BEGIN Recorded information

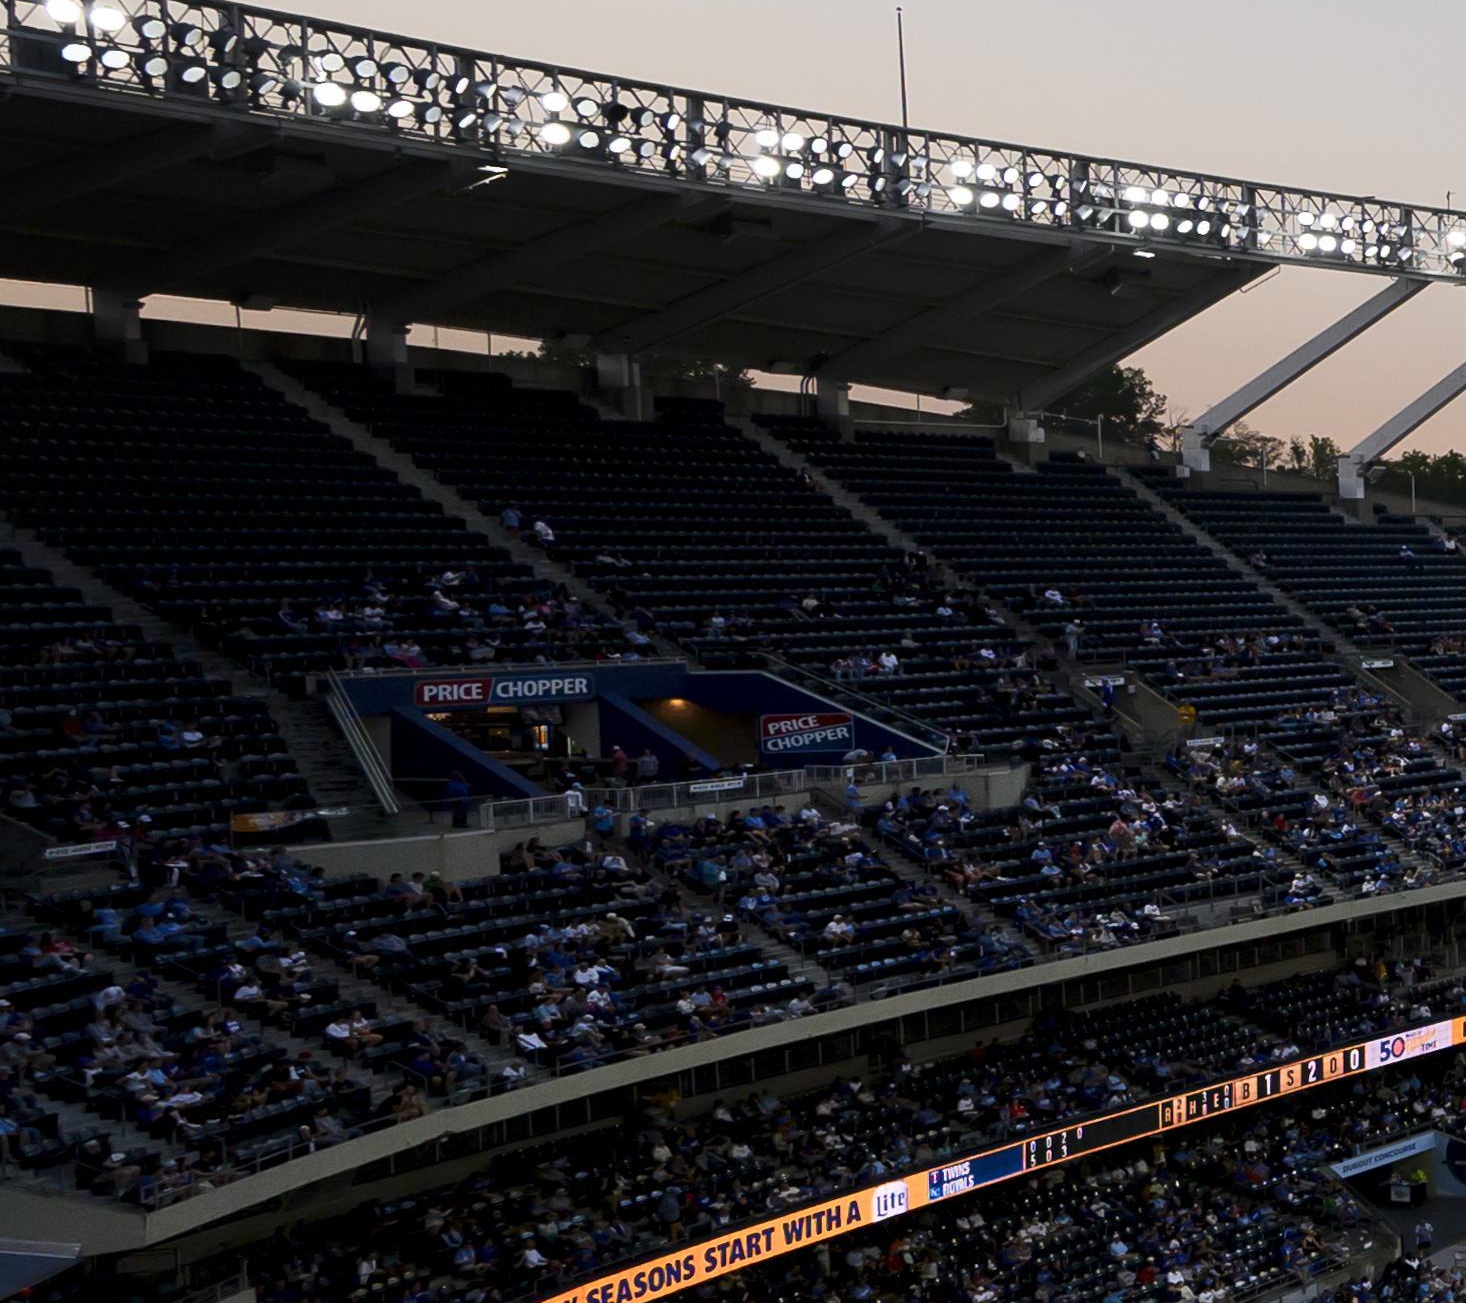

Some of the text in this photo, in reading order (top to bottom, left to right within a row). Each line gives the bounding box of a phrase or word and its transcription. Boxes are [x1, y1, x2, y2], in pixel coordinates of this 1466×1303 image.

[423, 678, 587, 701] PRICE CHOPPER
[767, 717, 818, 734] PRICE
[767, 727, 849, 751] CHOPPER
[1343, 1143, 1416, 1173] DUGOUT CONCOURSE
[942, 1161, 970, 1181] TWINS
[942, 1175, 974, 1196] ROYALS
[876, 1189, 905, 1217] Lite
[704, 1228, 775, 1273] START
[782, 1205, 841, 1245] WITH
[846, 1201, 861, 1223] A
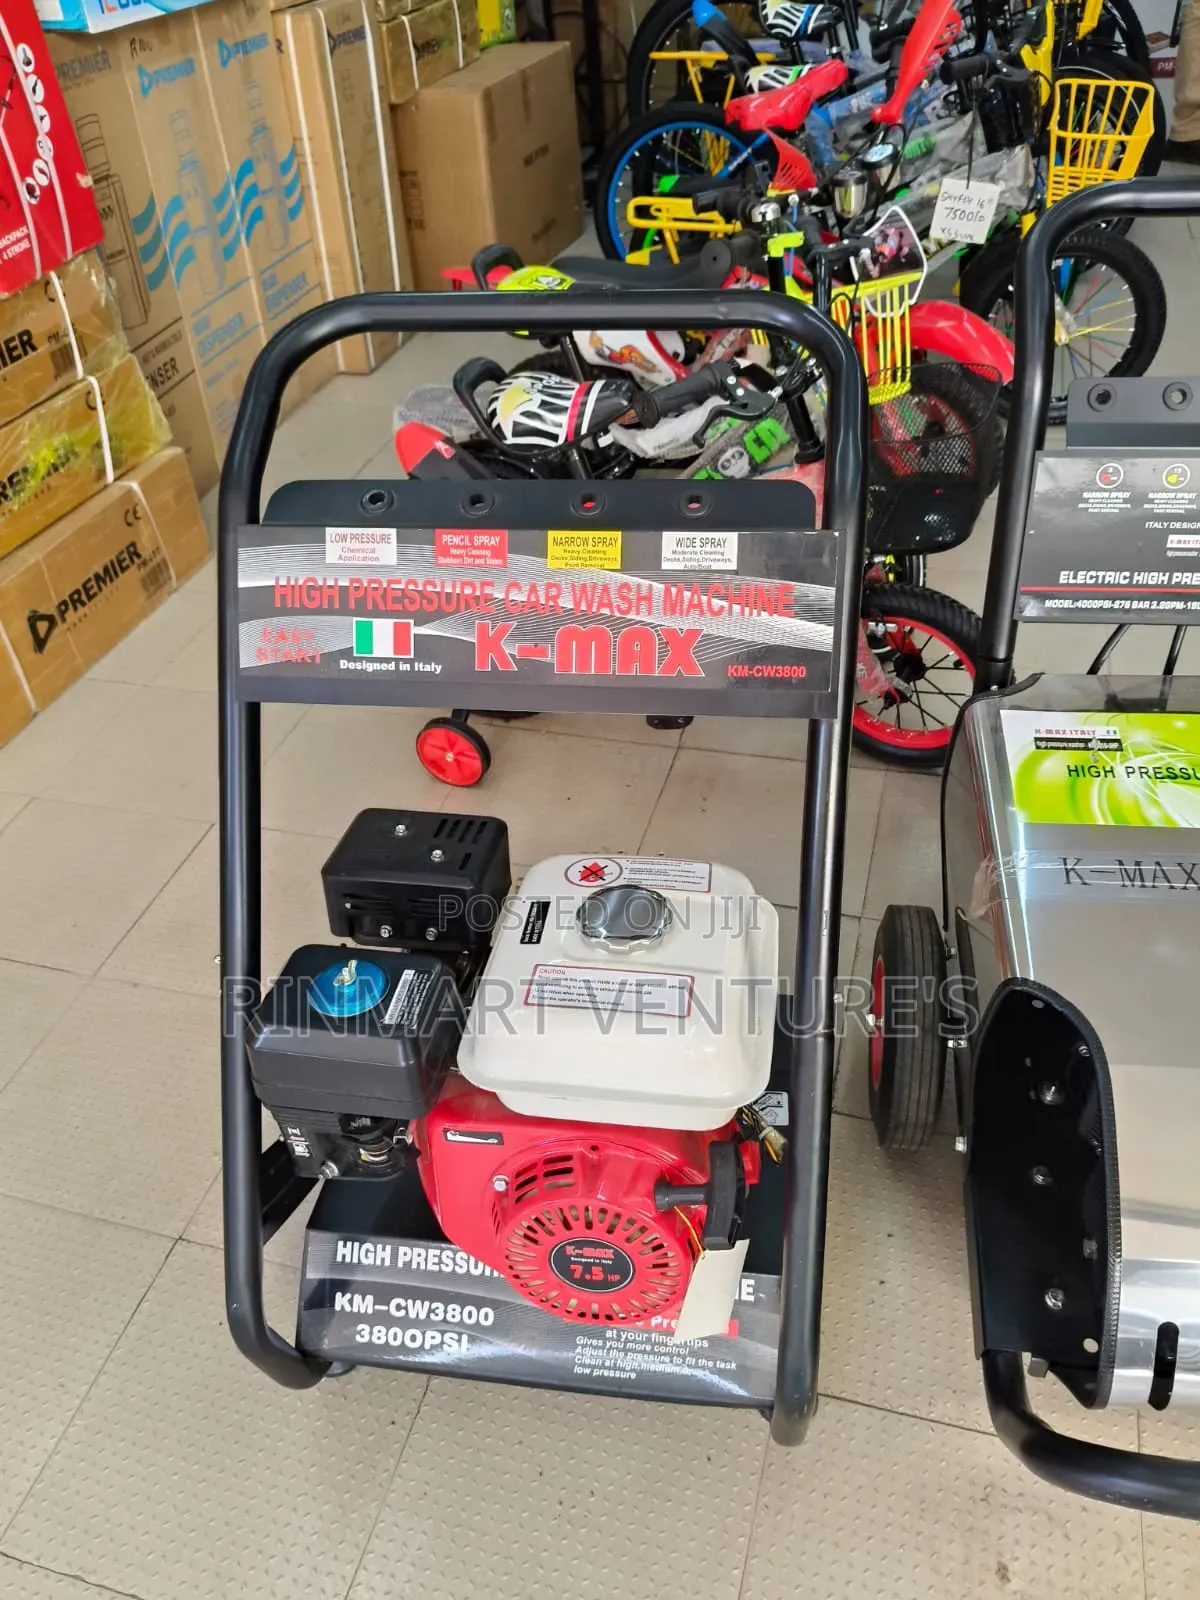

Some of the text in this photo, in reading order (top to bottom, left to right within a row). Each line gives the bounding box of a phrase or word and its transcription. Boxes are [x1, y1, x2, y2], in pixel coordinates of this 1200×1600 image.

[330, 533, 392, 544] LOW PRESSURE
[442, 534, 500, 546] PENCIL SPRAY
[552, 536, 618, 549] NARROW SPRAY
[675, 537, 727, 549] WIDE SPRAY
[341, 546, 376, 555] Chemical
[582, 549, 607, 557] Cleaning
[337, 554, 380, 563] Application
[56, 541, 142, 624] PREMIER
[1059, 570, 1130, 584] ELECTRIC
[1133, 571, 1169, 585] HIGH
[273, 576, 795, 618] HIGH PRESSURE CAR WASH MACHINE
[262, 627, 317, 645] EASY
[256, 647, 321, 664] START
[475, 620, 705, 677] K-MAX
[340, 660, 443, 675] Designed in Italy
[727, 664, 807, 678] KM-CW3800
[1067, 765, 1116, 778] HIGH
[539, 968, 566, 976] CAUTION
[336, 1240, 392, 1267] HIGH
[565, 1245, 615, 1259] K-MAX
[569, 1264, 621, 1282] 7.5 HP
[334, 1292, 495, 1326] KM-CW3800
[576, 1336, 690, 1355] Gives you more control
[605, 1329, 709, 1349] at your fingrtips
[574, 1356, 602, 1367] Clean
[604, 1358, 615, 1368] at
[575, 1345, 737, 1370] Adjust the pressure to fit the task
[573, 1365, 637, 1380] low pressure
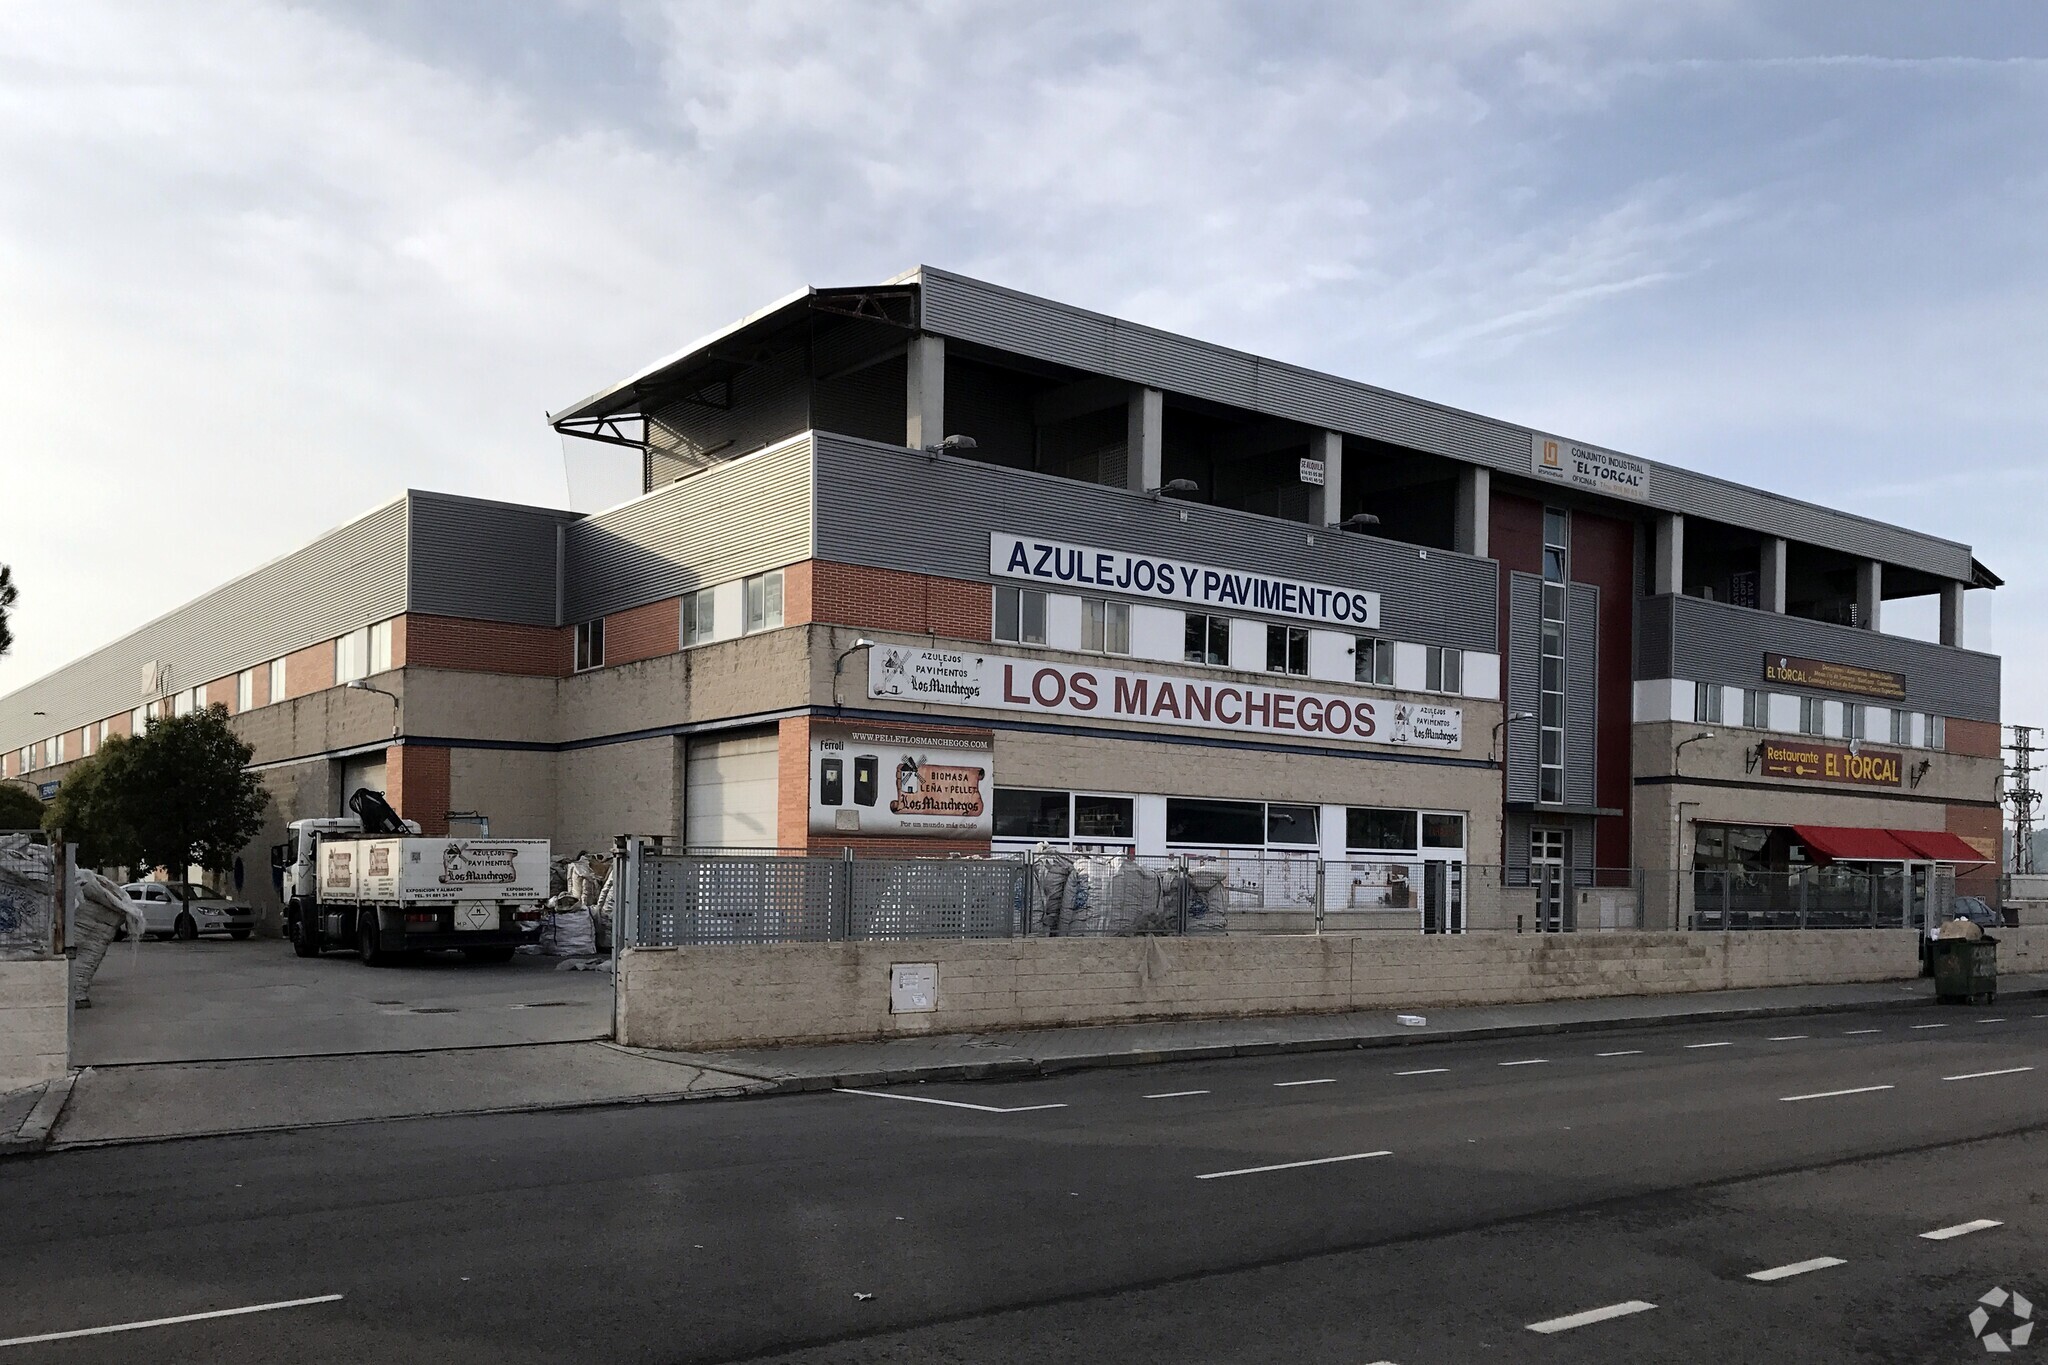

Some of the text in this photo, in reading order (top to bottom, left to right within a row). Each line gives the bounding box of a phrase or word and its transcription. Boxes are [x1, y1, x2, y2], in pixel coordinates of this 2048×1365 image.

END Recorded information

Leave the pictures out and return the rest of the material exactly.

Some of the text in this photo, in reading order (top to bottom, left to right within a row). Each line gives the bounding box of a phrase or word and its transcription. Boxes are [x1, y1, x2, y2], in pixel coordinates of this 1466×1303 image.

[423, 678, 587, 701] PRICE CHOPPER
[767, 717, 818, 734] PRICE
[767, 727, 849, 751] CHOPPER
[1343, 1143, 1416, 1173] DUGOUT CONCOURSE
[942, 1161, 970, 1181] TWINS
[942, 1175, 974, 1196] ROYALS
[876, 1189, 905, 1217] Lite
[704, 1228, 775, 1273] START
[782, 1205, 841, 1245] WITH
[846, 1201, 861, 1223] A

Some of the text in this photo, in reading order (top to bottom, left to right within a row). Each line gives the bounding box of a phrase or word and its transcription. Boxes are [x1, y1, x2, y2], in pixel coordinates of this 1200×1600 image.

[330, 533, 392, 544] LOW PRESSURE
[442, 534, 500, 546] PENCIL SPRAY
[552, 536, 618, 549] NARROW SPRAY
[675, 537, 727, 549] WIDE SPRAY
[341, 546, 376, 555] Chemical
[582, 549, 607, 557] Cleaning
[337, 554, 380, 563] Application
[56, 541, 142, 624] PREMIER
[1059, 570, 1130, 584] ELECTRIC
[1133, 571, 1169, 585] HIGH
[273, 576, 795, 618] HIGH PRESSURE CAR WASH MACHINE
[262, 627, 317, 645] EASY
[256, 647, 321, 664] START
[475, 620, 705, 677] K-MAX
[340, 660, 443, 675] Designed in Italy
[727, 664, 807, 678] KM-CW3800
[1067, 765, 1116, 778] HIGH
[539, 968, 566, 976] CAUTION
[336, 1240, 392, 1267] HIGH
[565, 1245, 615, 1259] K-MAX
[569, 1264, 621, 1282] 7.5 HP
[334, 1292, 495, 1326] KM-CW3800
[576, 1336, 690, 1355] Gives you more control
[605, 1329, 709, 1349] at your fingrtips
[574, 1356, 602, 1367] Clean
[604, 1358, 615, 1368] at
[575, 1345, 737, 1370] Adjust the pressure to fit the task
[573, 1365, 637, 1380] low pressure

Some of the text in this photo, in reading order (top to bottom, left to right within a row). Each line gives the bounding box of a phrase or word and its transcription. Boxes are [x1, y1, x2, y2], in pixel coordinates of this 2048×1365 image.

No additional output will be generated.